Por aquellos días de peregrinación sentimental era yo joven y algo
poeta, con ninguna experiencia y harta novelería en la cabeza. Creía
de buena fe en muchas cosas que ahora pongo en duda, y libre de
escepticismos, dábame buena prisa á gozar de la existencia. Aunque
no lo confesase, y acaso sin saberlo, era feliz, con esa felicidad
indefinible que da el poder amar á todas las mujeres. Sin ser un
donjuanista, he vivido una juventud amorosa y apasionada, pero de amor
juvenil y bullente, de pasión equilibrada y sanguínea. Los decadentismos
de la generación nueva no los he sentido jamás, Todavía hoy, después de
haber pecado tanto, tengo las mañanas triunfantes, y no puedo menos de
sonreir recordando que hubo una época lejana donde lloré por muerto á mi
corazón: Muerto de celos, de rabia y de amor.
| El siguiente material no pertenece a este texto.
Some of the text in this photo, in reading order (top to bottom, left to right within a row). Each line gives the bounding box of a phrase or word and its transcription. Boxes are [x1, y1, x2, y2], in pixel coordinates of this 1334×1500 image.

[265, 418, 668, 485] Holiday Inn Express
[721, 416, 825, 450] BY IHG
Decidido á correr tierras, al principio dudé sin saber á dónde dirigir
mis pasos: Después, dejándome llevar de un impulso romántico, fuí á
México. Yo sentía levantarse en mi alma, como un canto homérico, la
tradición aventurera de todo mi linaje. Uno de mis antepasados, Gonzalo
de Sandoval, había fundado en aquellas tierras el Reino de la Nueva
Galicia, otro había sido Inquisidor General, y todavía el Marqués de
Bradomín conservaba allí los restos de un mayorazgo, deshecho entre
legajos de un pleito. Sin meditarlo más, resolví atravesar los mares. Me
atraía la leyenda mexicana con sus viejas dinastías y sus dioses crueles.
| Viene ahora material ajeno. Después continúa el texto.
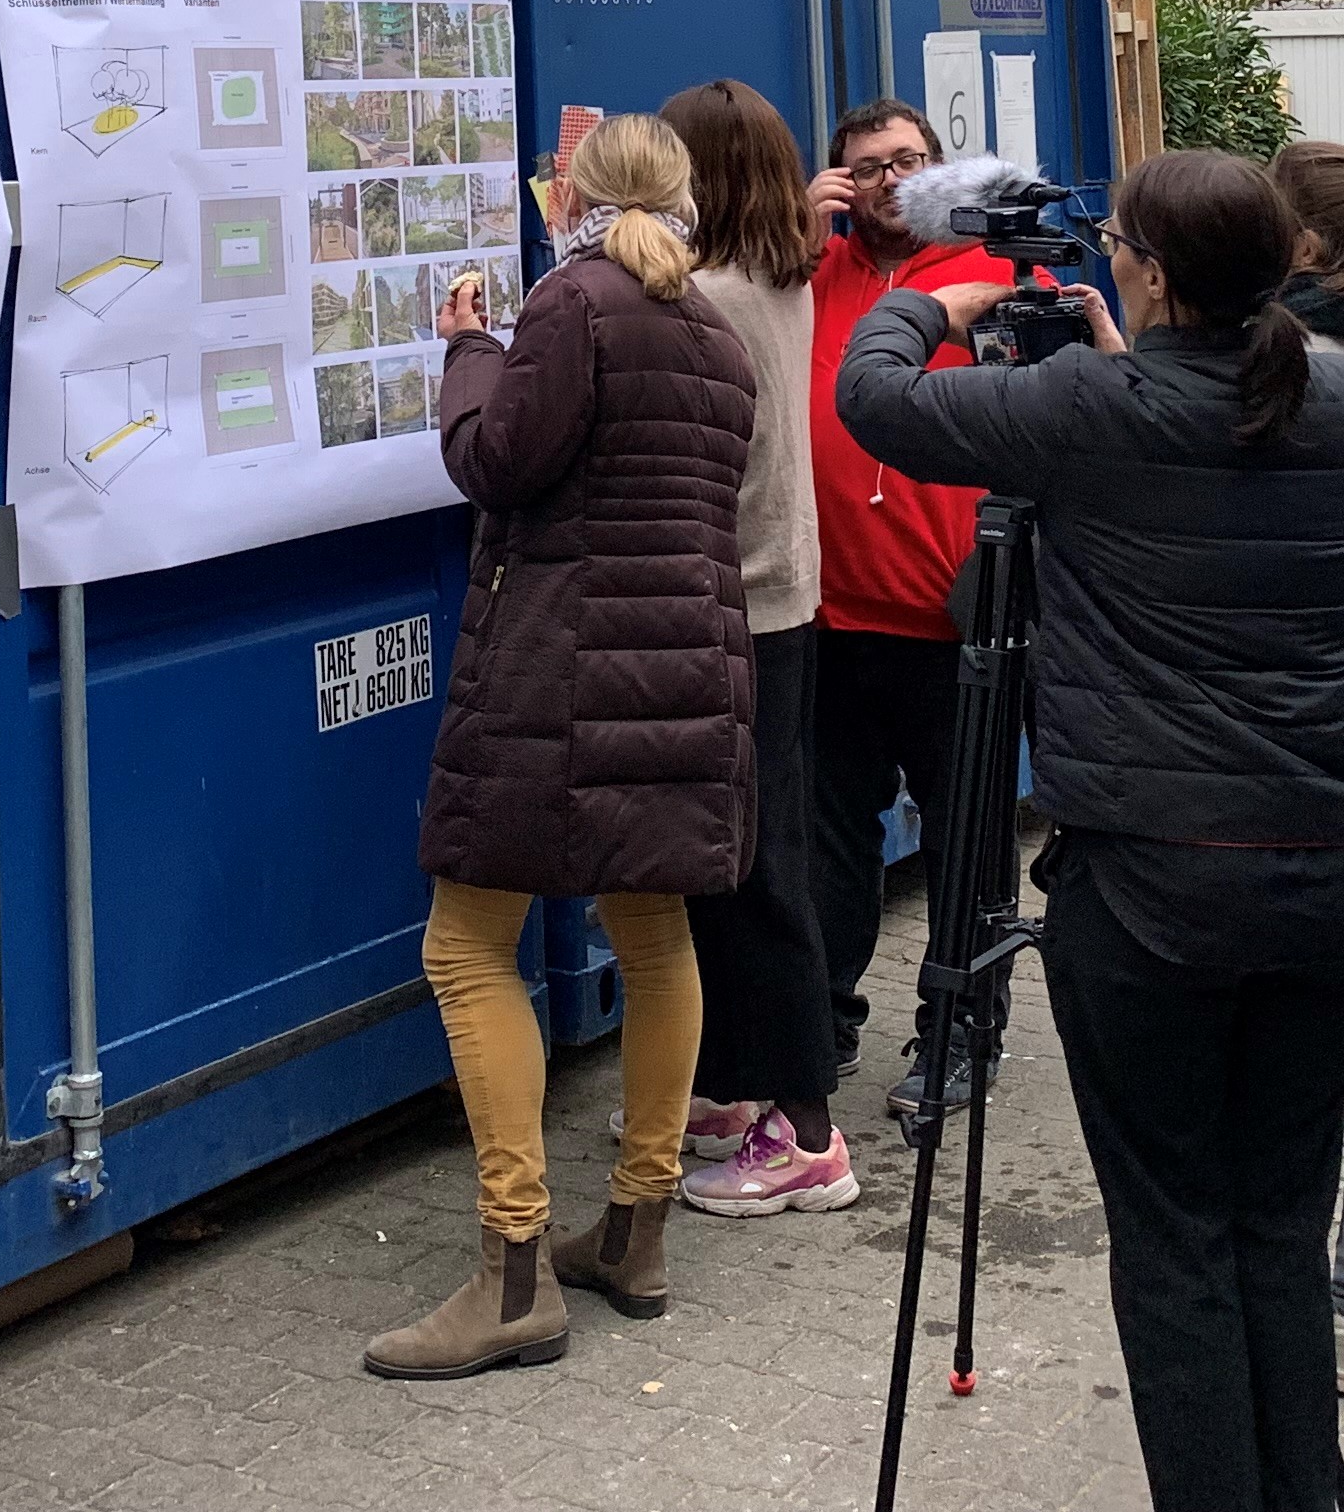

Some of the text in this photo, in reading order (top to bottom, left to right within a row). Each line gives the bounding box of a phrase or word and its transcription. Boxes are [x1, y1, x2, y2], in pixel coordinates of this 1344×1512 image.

[949, 90, 967, 151] 6
[27, 314, 49, 323] Raum
[24, 465, 51, 476] Achse
[317, 616, 430, 684] TARE 825 KG
[320, 658, 431, 729] NET 6500 KG
Embarqué en Londres, donde vivía emigrado desde la traición de Vergara,
é hice el viaje á vela en aquella fragata «La Dalila» que después
naufragó en las costas de Yucatán. Como un aventurero de otros tiempos,
iba á perderme en la vastedad del viejo Imperio Azteca, imperio de
historia desconocida, sepultada para siempre con las momias de sus
reyes, entre restos ciclópeos que hablan de civilizaciones, de cultos,
de razas que fueron y sólo tienen par en ese misterioso cuanto remoto
Oriente.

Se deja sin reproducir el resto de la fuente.